There an anecdote that expresses a view that our world rests upon an elephant and the elephant stands upon the back of a turtle. The obvious next question is what does the turtle stand on? The answer is that is it is turtles all the way down. The same is true of information security our working world rests on the technology but from there on it is people all the way down. We tend to lose sight of this when we define both the problem of information security and our solution through the lens of technology alone.
What then are the contours of a good information security strategy?
- It puts people, culture and behaviour at the centre of strategy. It works to maximise the interaction between intention, culture and systems to generate positive workplace behaviours that add adaptability and resilience to the information security system.
- It seeks to broaden information security cultural and behaviour competence and capability by influencing the individual intention. In contrast, current approaches focus on controlling observable behaviours without addressing how people think about information security. If you don’t motivate people think differently you don’t change their behaviour.
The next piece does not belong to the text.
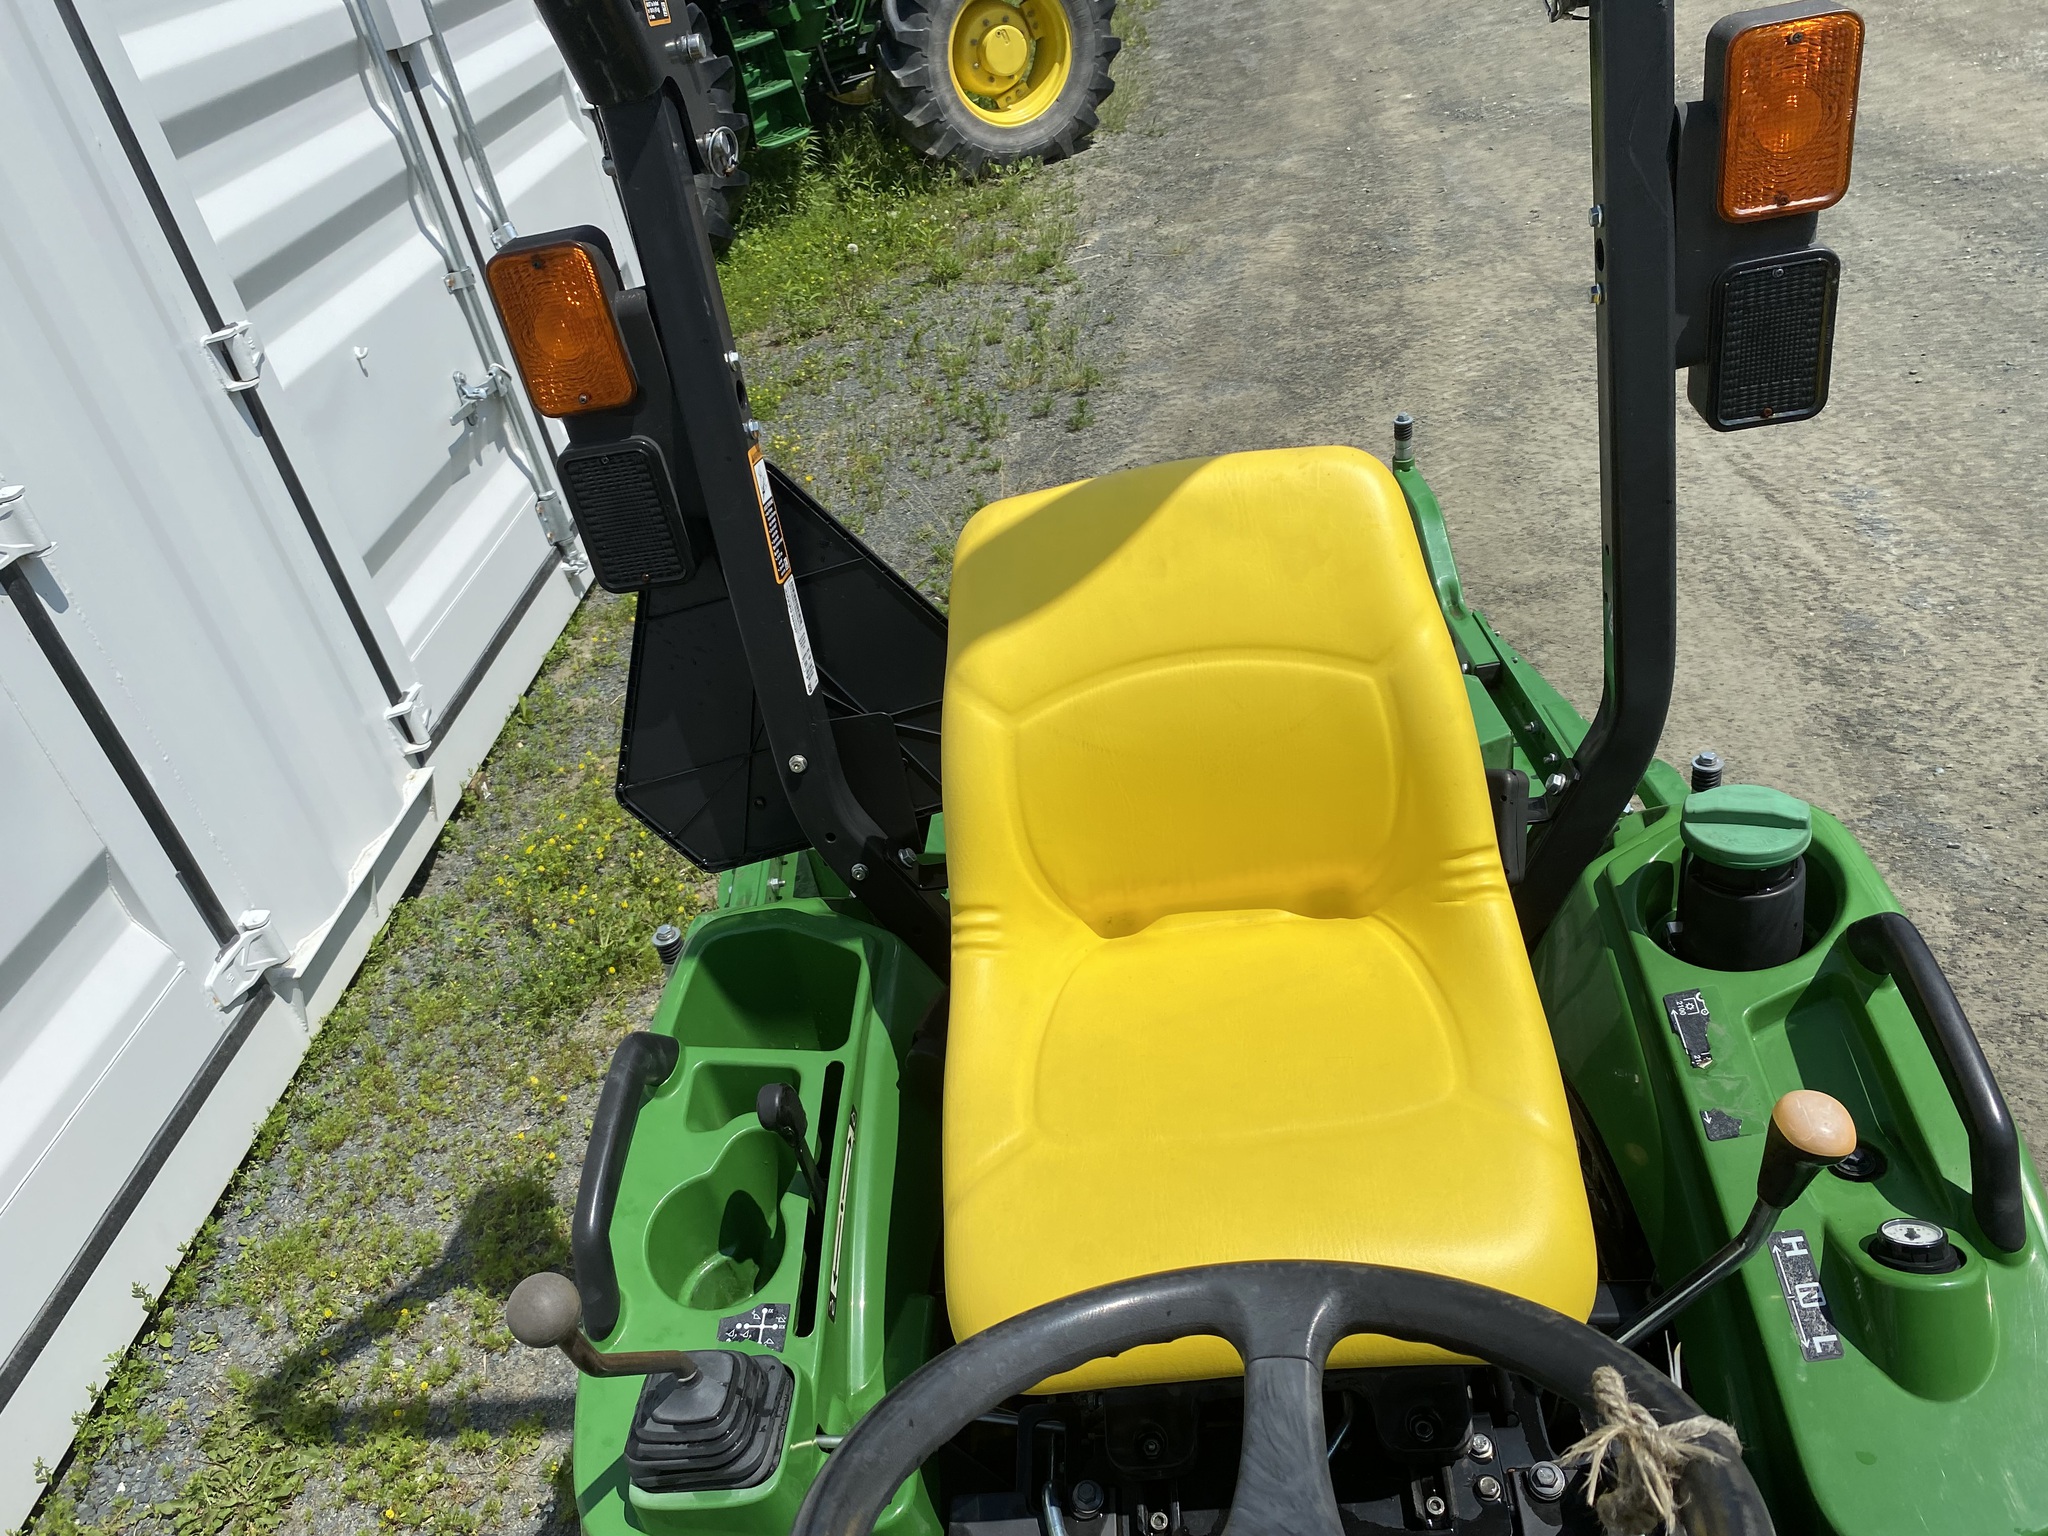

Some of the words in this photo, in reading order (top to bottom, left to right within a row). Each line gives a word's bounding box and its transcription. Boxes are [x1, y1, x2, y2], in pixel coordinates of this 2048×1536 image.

[1676, 1000, 1687, 1015] 2100
[1781, 1235, 1808, 1257] H
[1798, 1286, 1824, 1304] N
[1812, 1334, 1837, 1353] L
- It integrates all the available resources. The objective is mutually supporting lines of activity lead to a desired outcome. An over-reliance on training or monitoring is unlikely to produce a sustainable effect.
- It identifies and manages risk rather than evoking ‘big brother’. The Hayne Royal Commission into the financial sector has very clearly demonstrated the risk of misaligned organisational culture to performance and reputation. Culture and behaviour are not a ‘soft’ strategy option to be given tepid executive attention. Together, they represent either a significant strategic strength or weakness. The ‘big brother is always watching’ compliance approach has its place but alone it potentially causes more harm than good.
- It needs to be led from the top not delegated to the next available functional head. The breadth, depth, and adaptive nature of the information security challenges requires constant and visible attention from the top. Leaders give permission for positive behaviour in the workplace and provide the incentives that reinforce those behaviours. It’s turtles all the way down.
There is a need to re-imagine the place of people and culture as central to information security practice and behaviour. The problem is adaptive and the strategic solution needs to be equally adaptive.